One day, he might make a choice with regards to the cultural or religious identities he is most comfortable with, but not as a child, and certainly not under the coercion, manipulation, and active efforts from others.

And so we come back to the elephant in the room. Why do Chinese parents not send their kids to national schools?

And after my exposition above, would I definitely not send this hypothetical child of mine to a vernacular school?

Leaving aside considerations of quality, there is still one thing that concerned me as the hypothetical parent. While I am open to all cultures, I am not open to an environment where my kid is led to believe that his culture is either superior, or inferior. I don’t mind my kid being the only Chinese in the school but I will never accept the school giving him the impression that being “Chinese” is wrong.

Using food as an example, my kid should never be forced to eat like a beggar in a tiny corner just because he is taking non-halal food, or eat in a surreptitious manner (as if the food is stolen) during fasting month.

No doubt, he needs to learn how to be mindful of the sensitivities of his friends from other ethnic or religious backgrounds (which is the reason I wanted a multi-cultural school environment in the first place), but definitely not in this manner where he is being told his culture is inferior or ungodly.

I want him to respect his peers and teachers, but at the same time, I think it is fair that I ask of the same respect be given to him.

The fact that halal and non-halal eateries still cannot co-exist in our public universities (where there is a substantial amount of non-Muslim students) says a lot. The presence of non-halal eateries, I argue, will not automatically result in segregation.

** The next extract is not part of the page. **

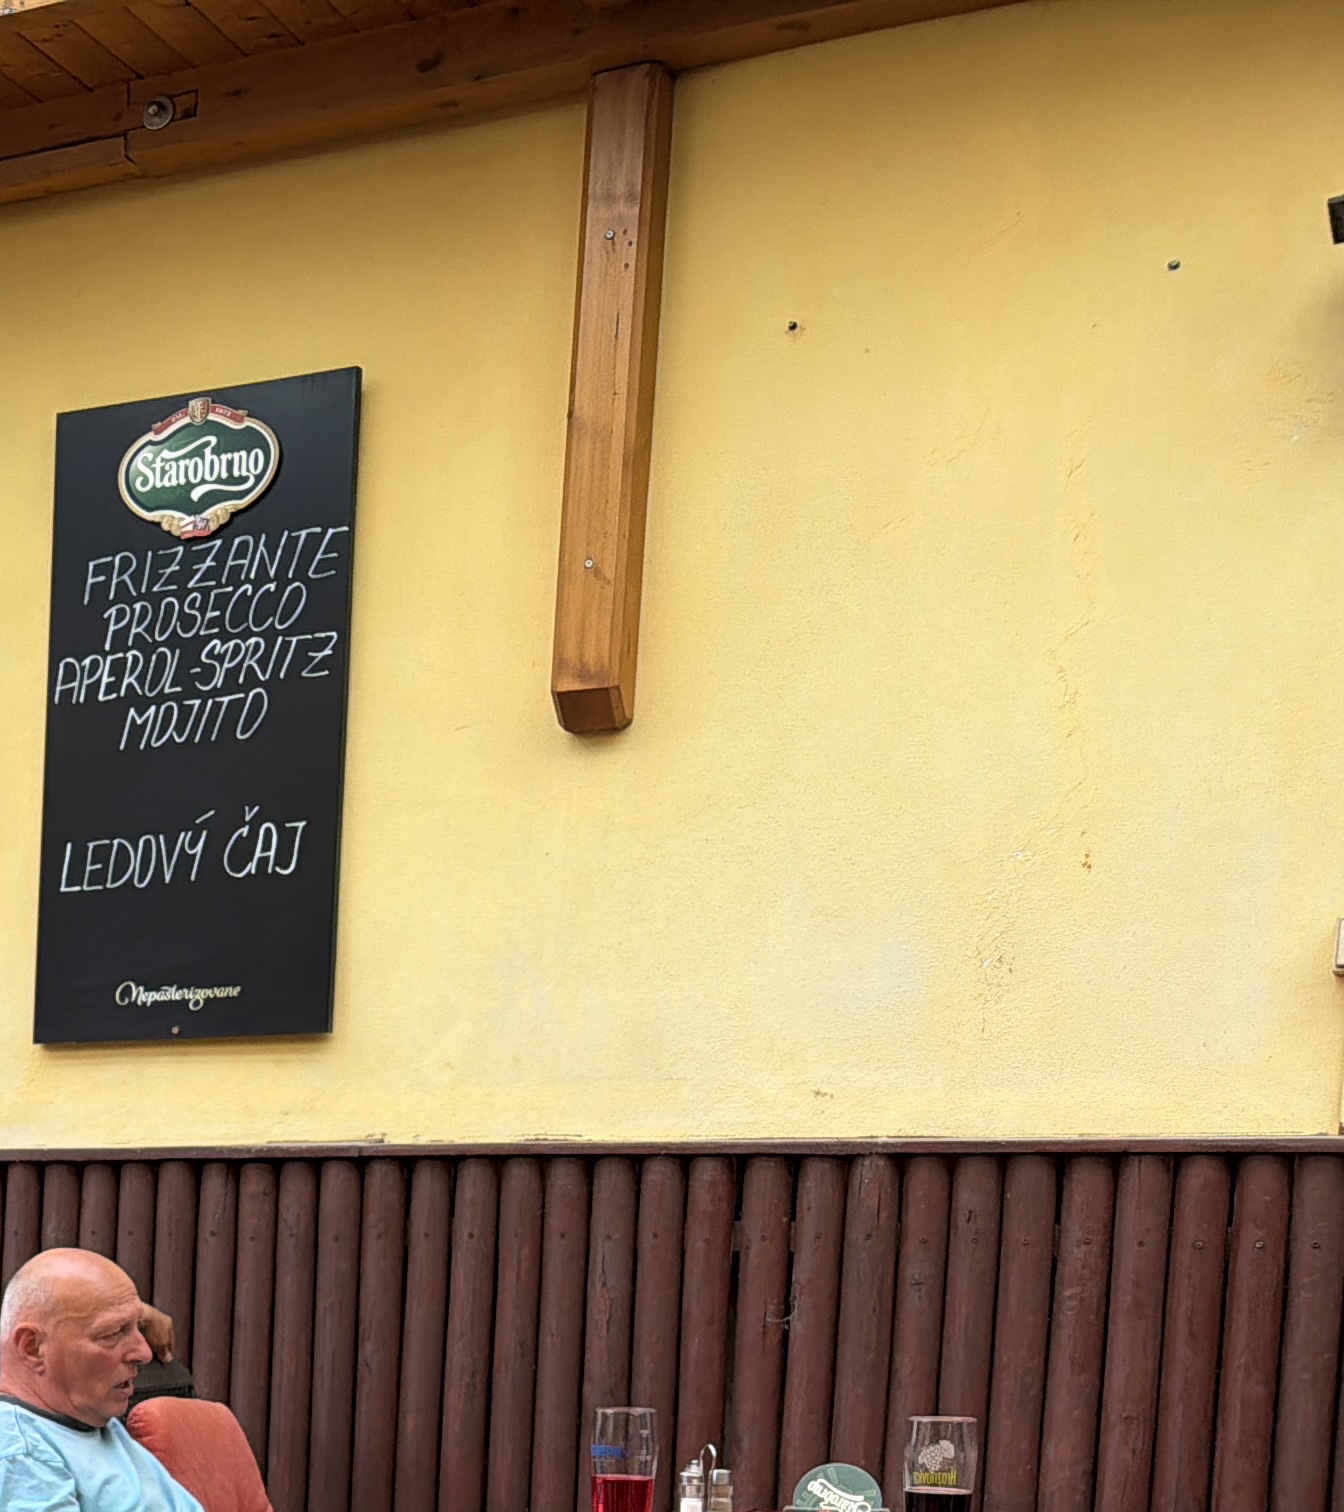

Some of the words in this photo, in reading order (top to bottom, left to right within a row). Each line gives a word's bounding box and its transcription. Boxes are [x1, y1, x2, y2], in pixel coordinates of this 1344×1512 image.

People are bitter when choices are taken away from them, not when they are given to them. Genuine relationships are hard to foster in conditions of bitterness.

In my previous workplace, I have at most times opted for places that serve halal food because they are tasty and more importantly, I want to eat with my Muslim friends because I love having them together for lunch.

Preserving Chinese culture, in my opinion, only serves as an euphemism for many parents not wanting their child to be educated in an environment where their cultural traits or dietary habits is treated as second-class.

The ideal school environment should be one like the swashbuckling tale that is “Journey to the West”, where a monk, a dragon-cum-house, a monkey, a pig and a once river monster learnt to accept each other’s differences and misgivings and work hand-in-hand for a common cause.

But if, as in the case in Malaysia, where the pig has to be dropped, then the pig has no choice but to hang around in places where pigs are accepted for who they are. – January 29, 2016.

* This is the personal opinion of the writer or publication and does not necessarily represent the views of The Malaysian Insider.